*DIRECTIONS*. An exact copy of each line below is needed, with no images in it.

Image-backed grounding data
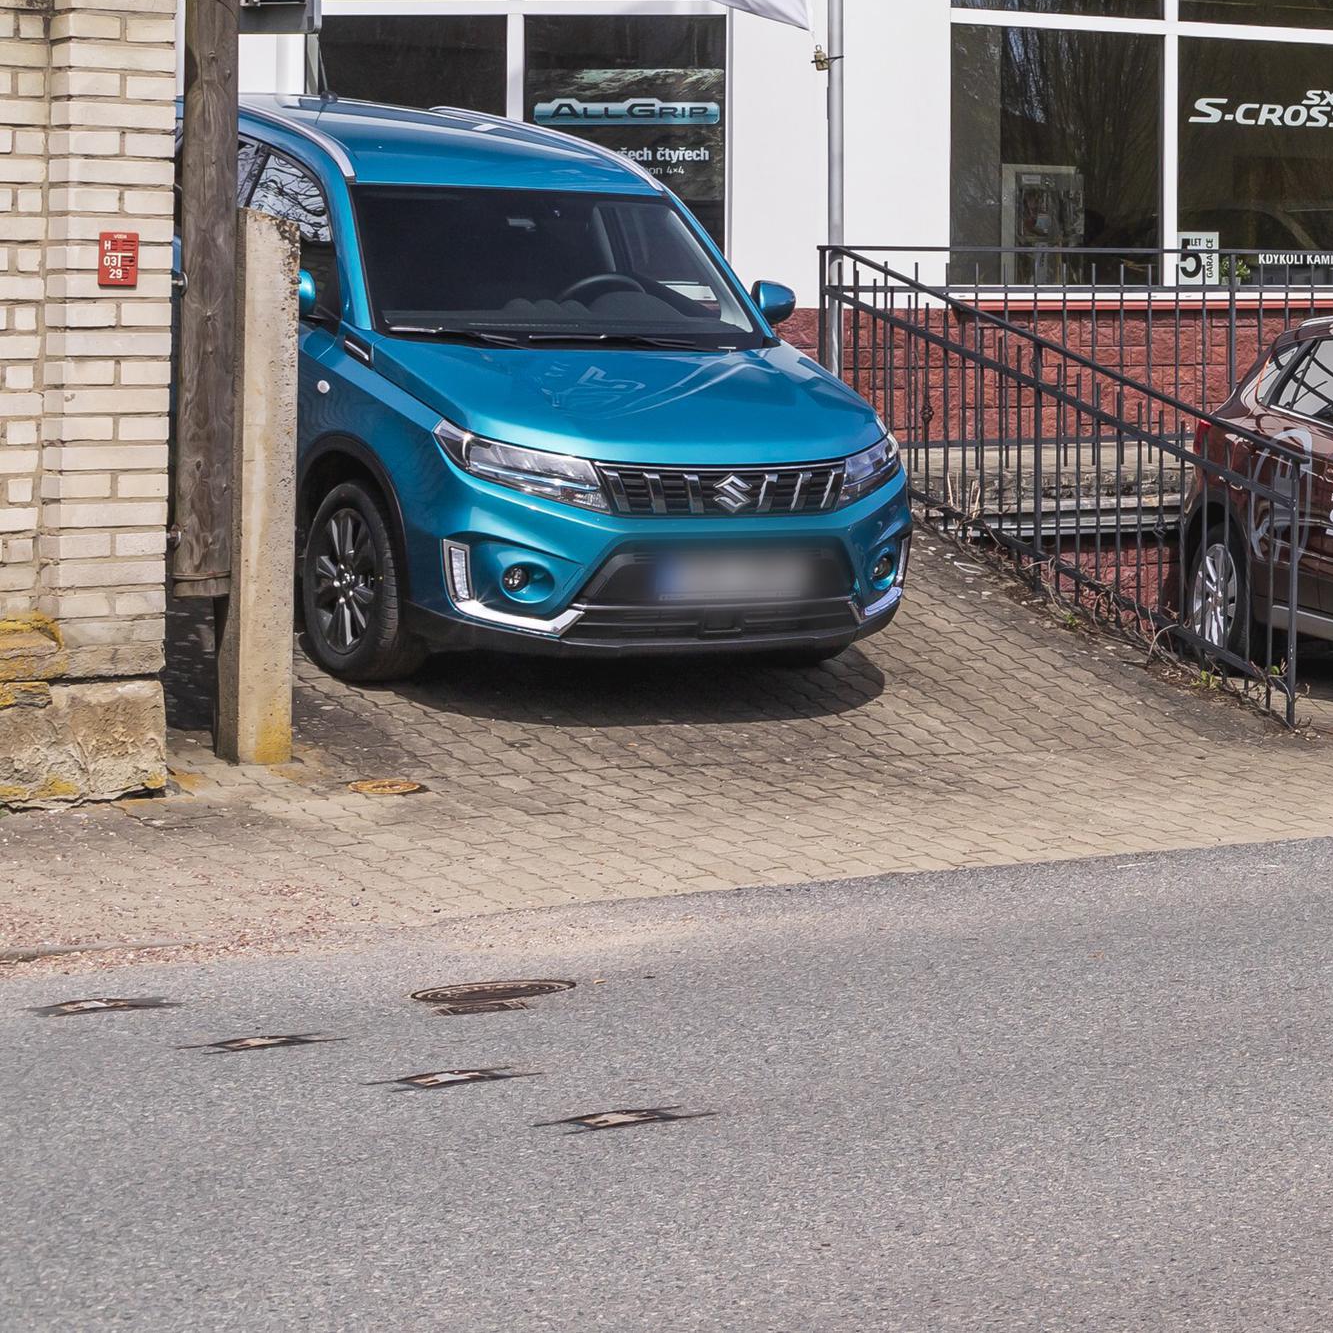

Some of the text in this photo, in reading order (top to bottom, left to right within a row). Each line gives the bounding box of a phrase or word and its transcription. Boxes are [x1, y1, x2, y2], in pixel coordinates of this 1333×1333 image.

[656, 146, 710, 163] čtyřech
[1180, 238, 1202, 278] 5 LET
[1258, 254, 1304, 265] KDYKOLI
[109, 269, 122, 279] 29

*OUTPUT OF THE TASK*.
Some of the text in this photo, in reading order (top to bottom, left to right within a row). Each line gives the bounding box of a phrase or word and its transcription. Boxes are [x1, y1, x2, y2], in pixel coordinates of this 1333×1333 image.

[656, 146, 710, 163] čtyřech
[1180, 238, 1202, 278] 5 LET
[1258, 254, 1304, 265] KDYKOLI
[109, 269, 122, 279] 29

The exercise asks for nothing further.